Give back every line of the material exactly. Skip the pictures.

(Given data)

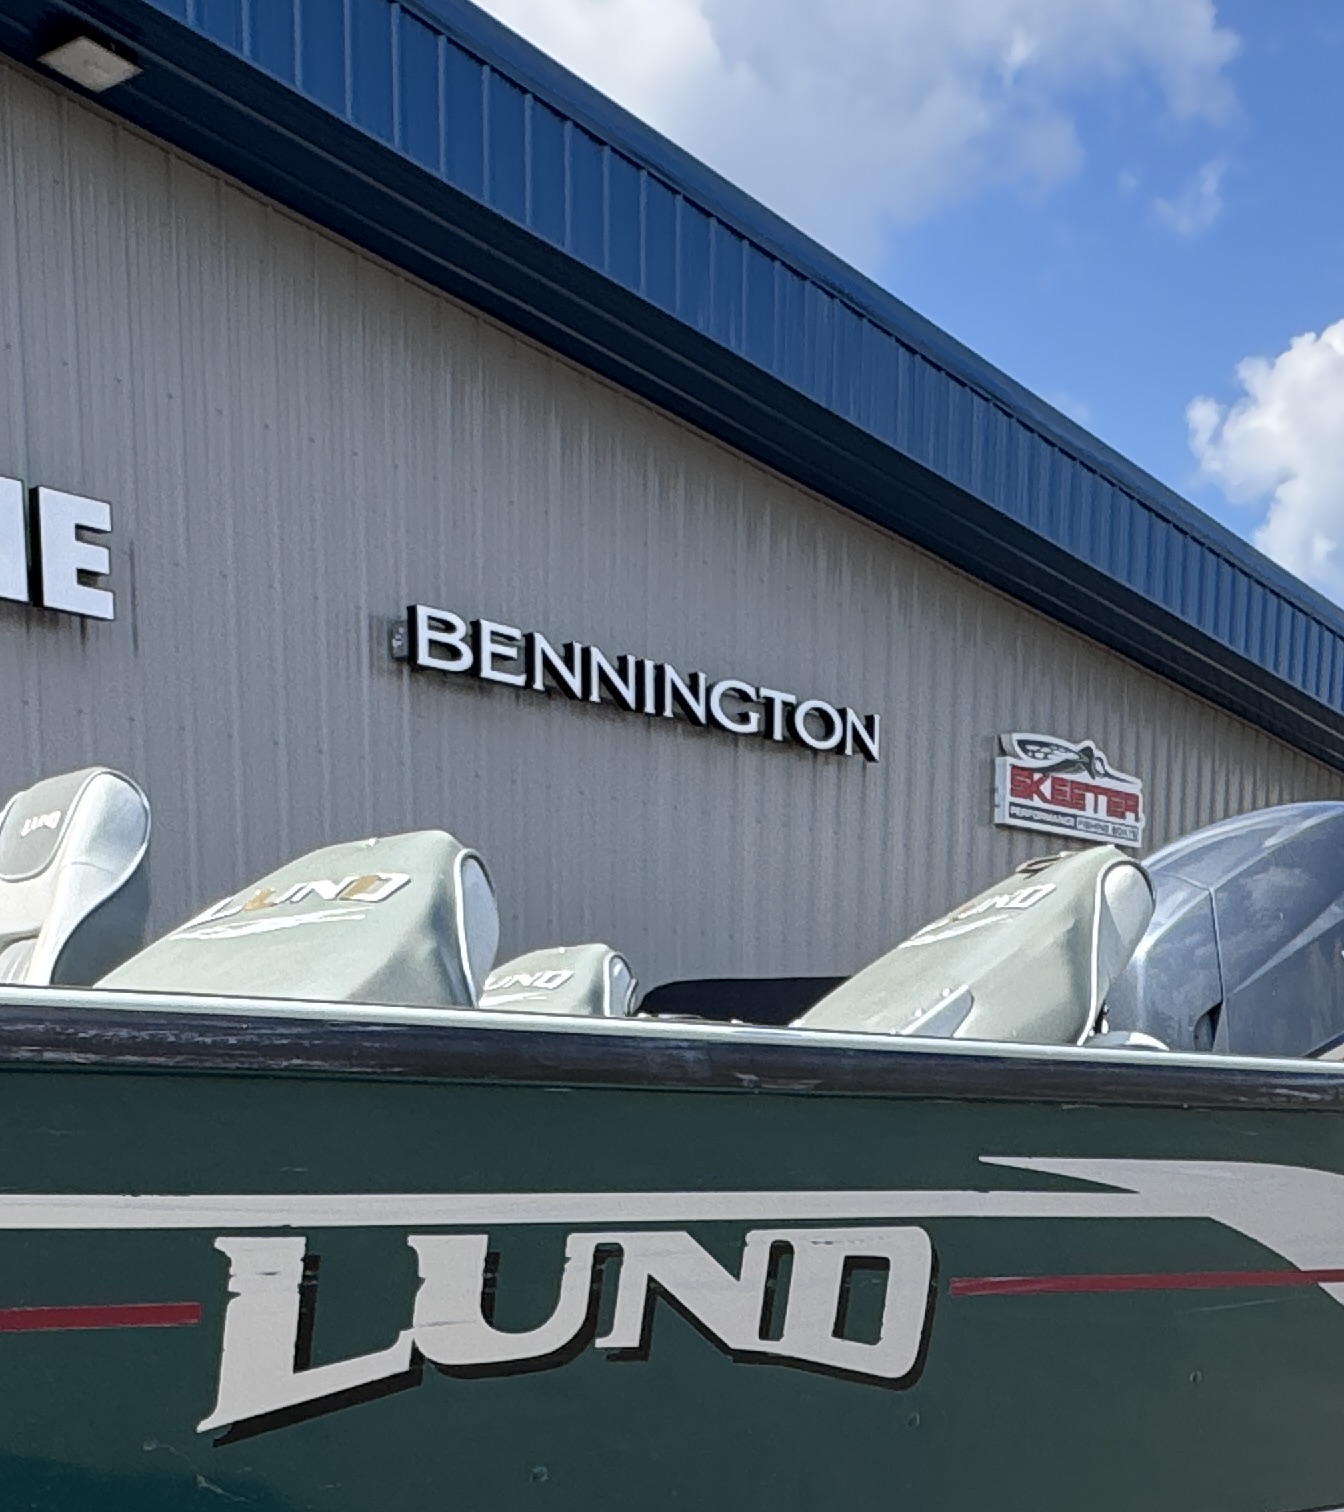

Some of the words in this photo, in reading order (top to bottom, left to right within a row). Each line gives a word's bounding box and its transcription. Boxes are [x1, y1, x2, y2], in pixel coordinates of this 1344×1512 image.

[409, 604, 881, 762] BENNINGTON
[1010, 766, 1139, 821] SKEETER
[178, 872, 412, 932] LUND
[483, 970, 575, 992] UND
[197, 1225, 936, 1436] LUND

(End Given data)

- **Response to the task**:
Some of the words in this photo, in reading order (top to bottom, left to right within a row). Each line gives a word's bounding box and its transcription. Boxes are [x1, y1, x2, y2], in pixel coordinates of this 1344×1512 image.

[409, 604, 881, 762] BENNINGTON
[1010, 766, 1139, 821] SKEETER
[178, 872, 412, 932] LUND
[483, 970, 575, 992] UND
[197, 1225, 936, 1436] LUND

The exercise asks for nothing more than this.